Endothelial barrier function: Regulation by shear stress and protein kinase C

Using endothelial cells (EC) cultured on porous microcarrier beads, we have measured the permeability of bovine pulmonary artery EC monolayers exposed to shear stress in a column chromatography system. We previously demonstrated that EC monolayer permeability was dependent upon the level of fluid shear stress to which the cells were exposed (J. Cell. Physiol., 1996). Since EC barrier function is in part regulated by bonds between junctional proteins and cytoskeletal components, we hypothesized that the maintenance of the EC barrier under shear stress may be a dynamic process which involves protein kinase C (PKC).

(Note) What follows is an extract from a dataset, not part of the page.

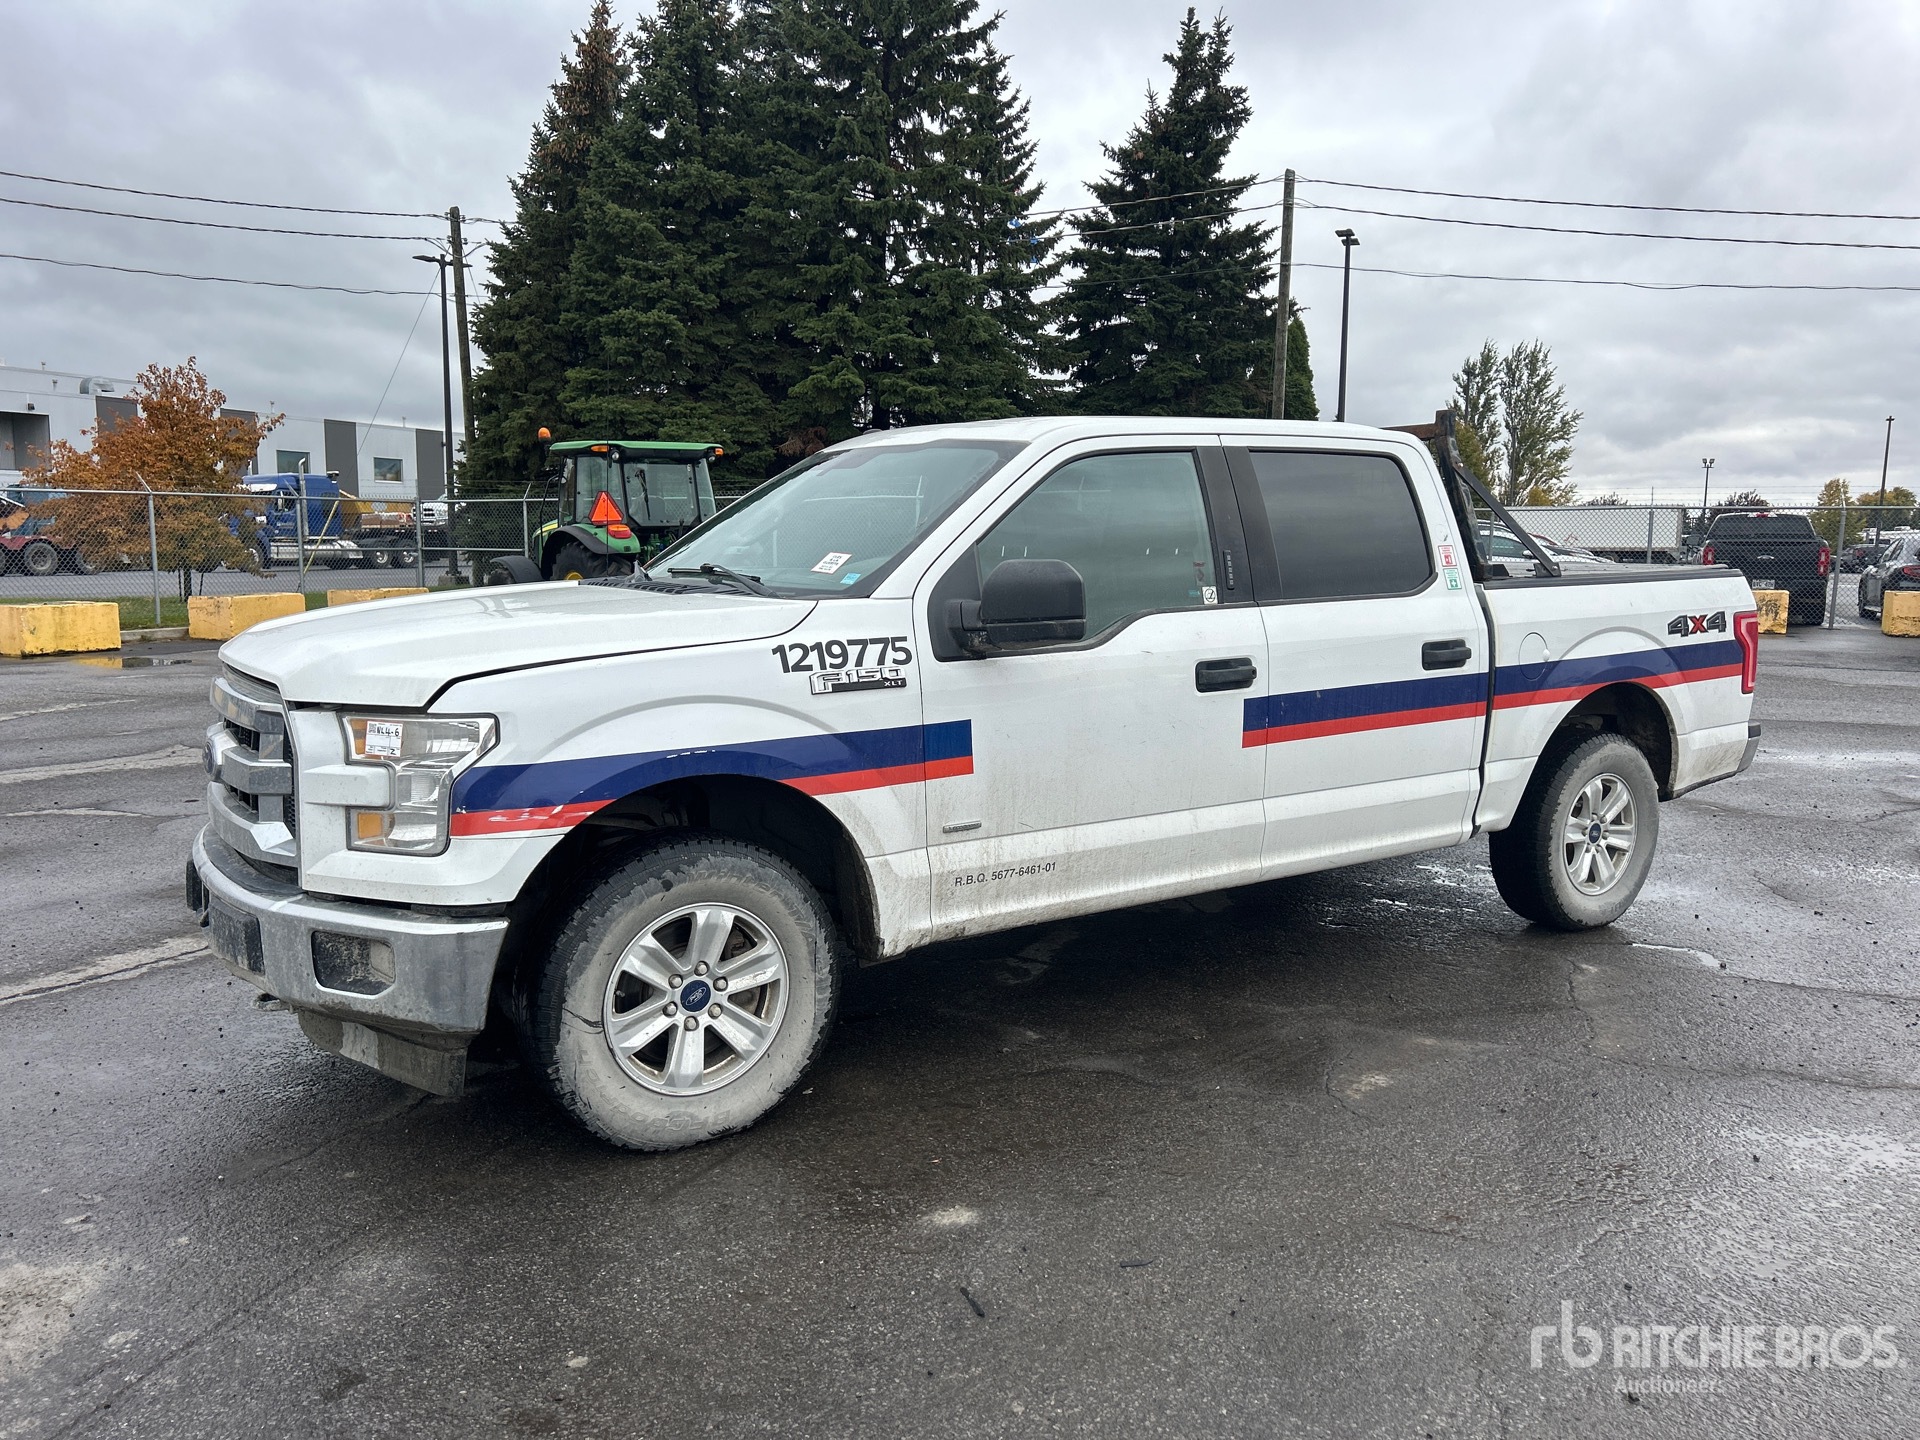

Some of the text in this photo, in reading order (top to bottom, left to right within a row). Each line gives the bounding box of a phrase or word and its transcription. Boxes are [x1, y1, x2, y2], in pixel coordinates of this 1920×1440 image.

We investigated the effect of PKC inhibition on endothelial permeability under static conditions and under 4.7 dynes/cm² of shear stress using the PKC inhibitor calphostin C (calC). In the static (Transwell) system, the permeability to sodium fluorescein (NaFlsc, M.W. =342) was not affected by calC (control: 2.5 ± 0.3; calC: 23 ± 06; mean ± SEM × 10^-5 cm/s, n=10). However, when EC's on microcarrier beads were exposed to shear stress, inhibition of PKC stimulated a steady increase in permeability which was significantly different (p<.05) from baseline approximately 1 hr after exposure to calC (14.0 ± 3.9 to 30.3 ± 8.4 × 10^-5 cm/s; n=5). Inhibition of PKC may affect the ability of the cell cytoskeleton to remodel and adjust to shear stress.